Restructuring and Integration Costs

The aggregated liabilities included in “sundry payables and accrued expenses” and “other accrued liabilities” in the consolidated balance sheet relating to the restructuring and integration activities as of December 31, 2011 and September 30, 2012 and activity for the nine months ended September 30, 2012 consisted of the following (in thousands):

   
Workforce
Reduction
   
Other Exit
Costs
   
Total
 
Exit activity liability at December 31, 2011
  $ 1,907     $ 1,654     $ 3,561  
Restructuring and integration costs:
                       
Amounts provided for during 2012
    562       217       779  
Non-cash usage, including asset write-downs
          (63 )     (63 )
Cash payments
    (667 )     (255 )     (922 )
Exit activity liability at September 30, 2012
  $ 1,802     $ 1,553     $ 3,355  

Liabilities associated with the remaining restructuring and integration costs as of September 30, 2012 relate primarily to employee severance and other retiree benefit enhancements to be paid through 2016 and environmental clean-up costs at our Long Island City, New York location in connection with the closure of our manufacturing operations at the site.

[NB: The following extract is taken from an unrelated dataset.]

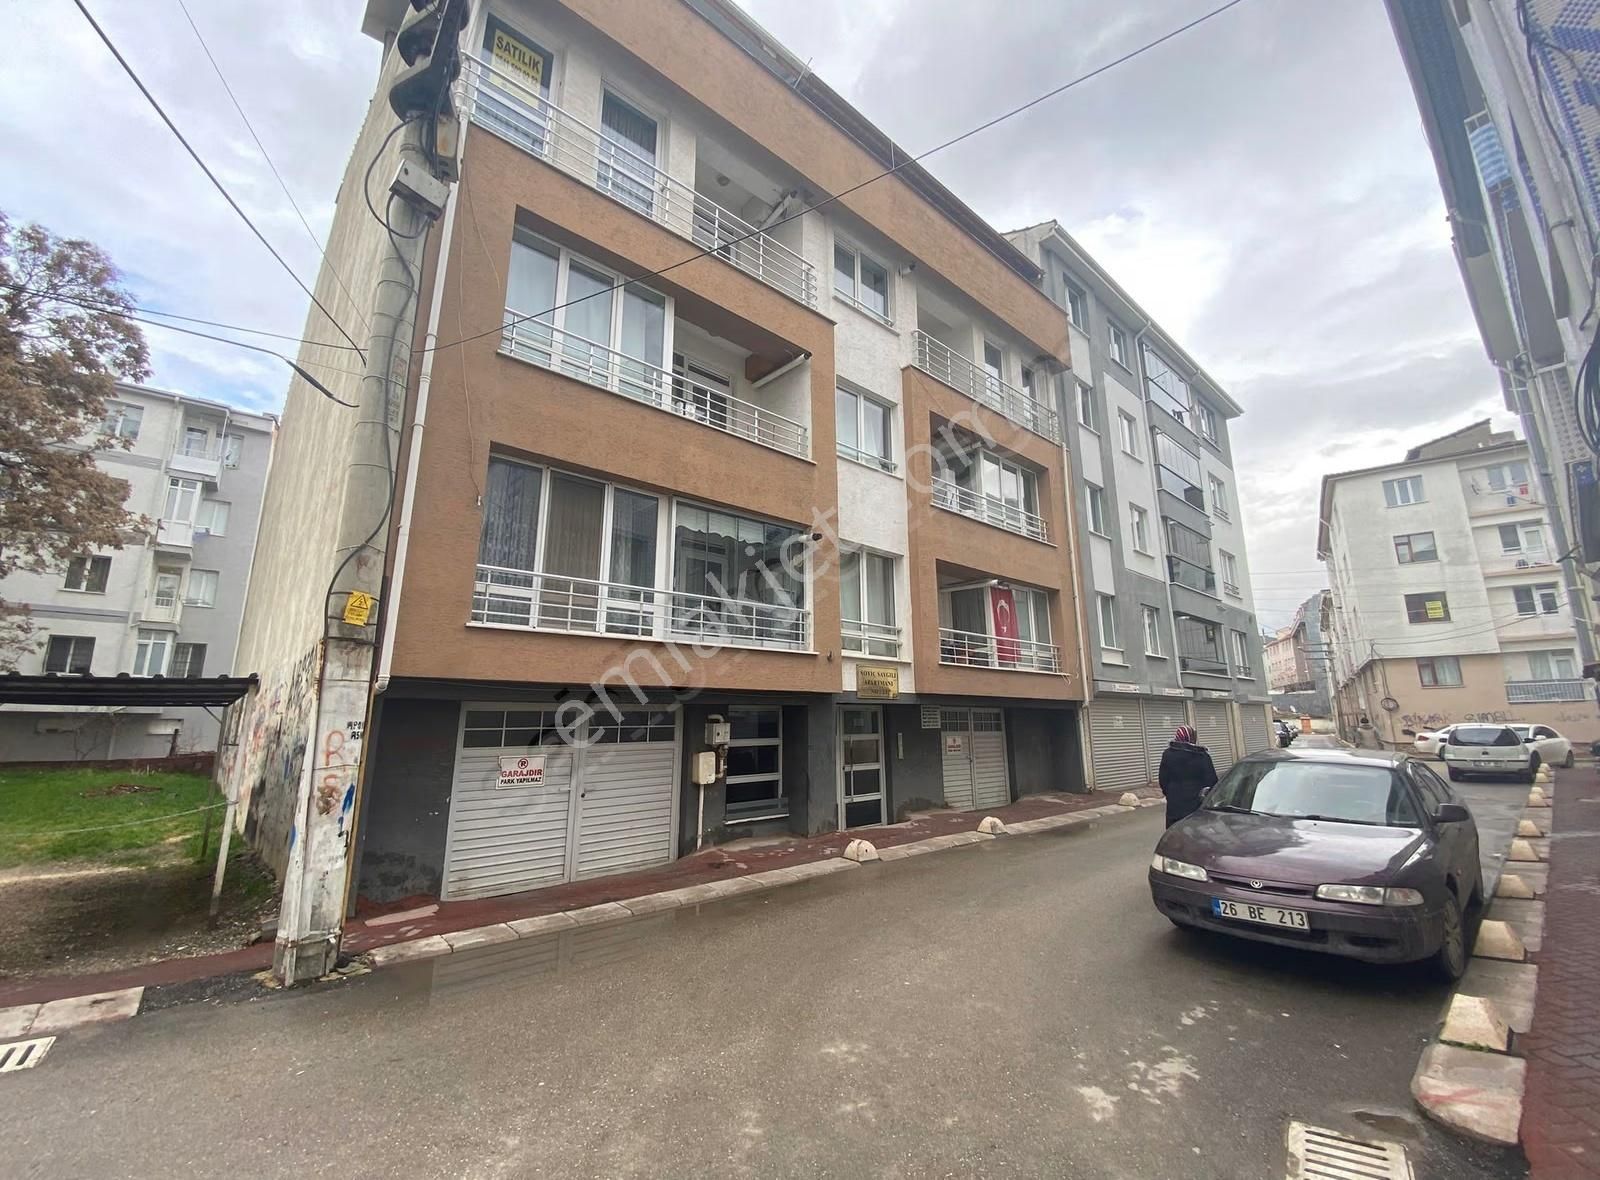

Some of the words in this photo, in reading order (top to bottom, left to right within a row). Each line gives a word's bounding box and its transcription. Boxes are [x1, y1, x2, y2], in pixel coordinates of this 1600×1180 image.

Liquidity and Capital Resources

Operating Activities. During the first nine months of 2012, cash provided by operations amounted to $62.9 million compared to $57.3 million in the same period of 2011.  The year-over-year increase in cash provided by operations is primarily the result of the increase in net earnings reflecting higher sales volumes and higher gross margins, the decrease in inventory levels excluding the impact of the asset acquisition of CompressorWorks, Inc., offset, in part, by higher accounts receivable balances, excluding the impact of the asset acquisition of CompressorWorks, Inc.

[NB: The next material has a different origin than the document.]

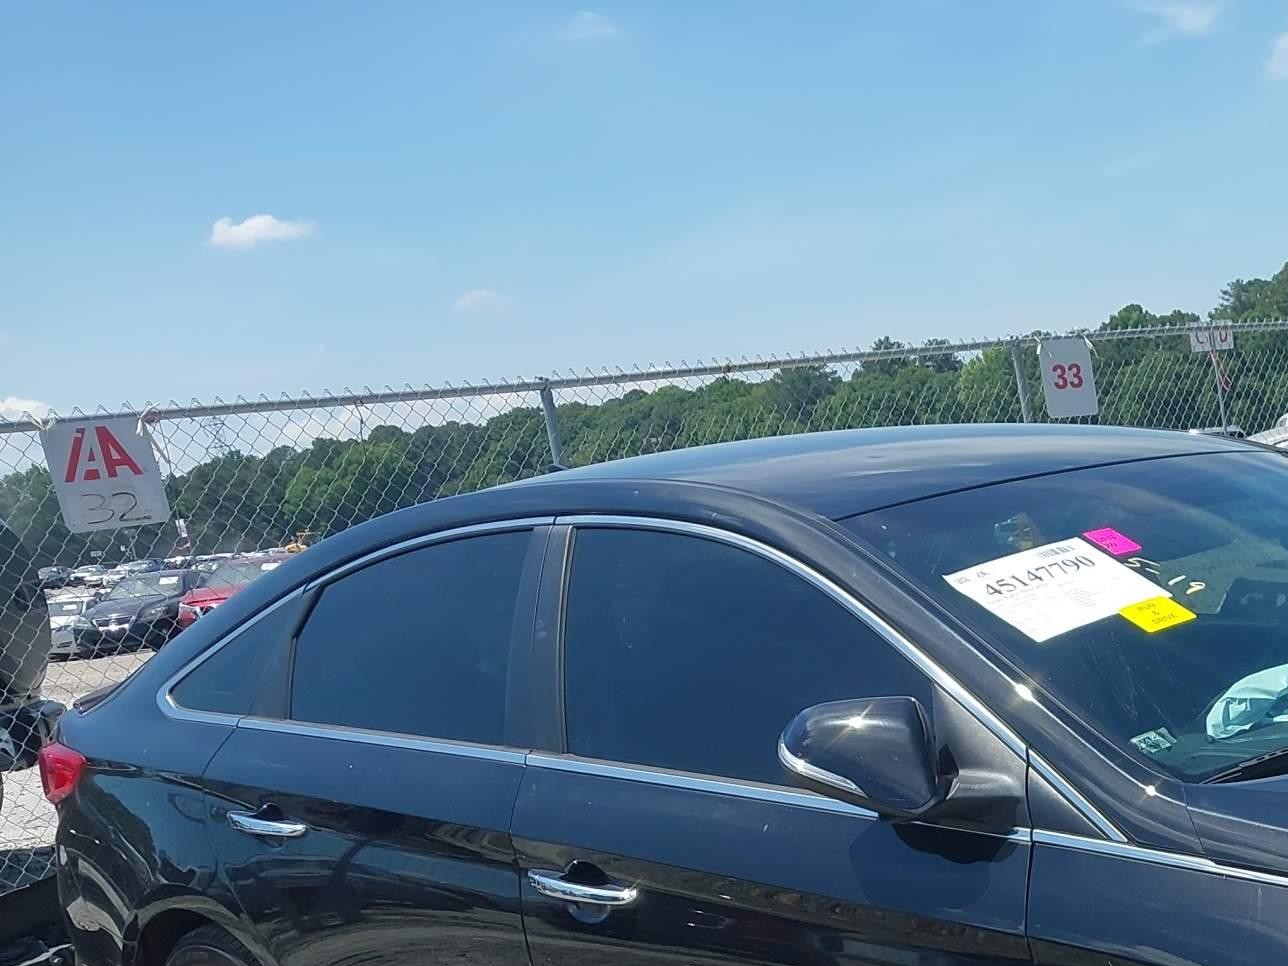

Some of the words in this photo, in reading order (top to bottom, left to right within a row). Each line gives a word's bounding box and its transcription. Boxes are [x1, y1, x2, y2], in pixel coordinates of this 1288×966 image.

[1052, 363, 1084, 390] 33
[65, 426, 144, 483] IAA
[81, 491, 152, 525] 32
[985, 555, 1096, 597] 45147790

Investing Activities.  Cash used in investing activities was $46.6 million in the first nine months of 2012, as compared to $31 million in the first nine months of 2011.  Investing activities in 2012 included a cash payment of $38.6 million related to the asset acquisition of CompressorWorks, Inc.  Investing activities in 2011 included a cash payment of $27 million related to the acquisition of the Engine Controls business of BLD Products, Ltd., a $1.3 million cash receipt related to the note issued in connection with the sale of our European distribution business in 2009 and a $1.3 million cash receipt related to the note issued in connection with the divestiture of certain of our joint venture equity ownerships.  Capital expenditures in the first nine months of 2012 were $8 million compared to $6.7 million in the comparable period during the prior year.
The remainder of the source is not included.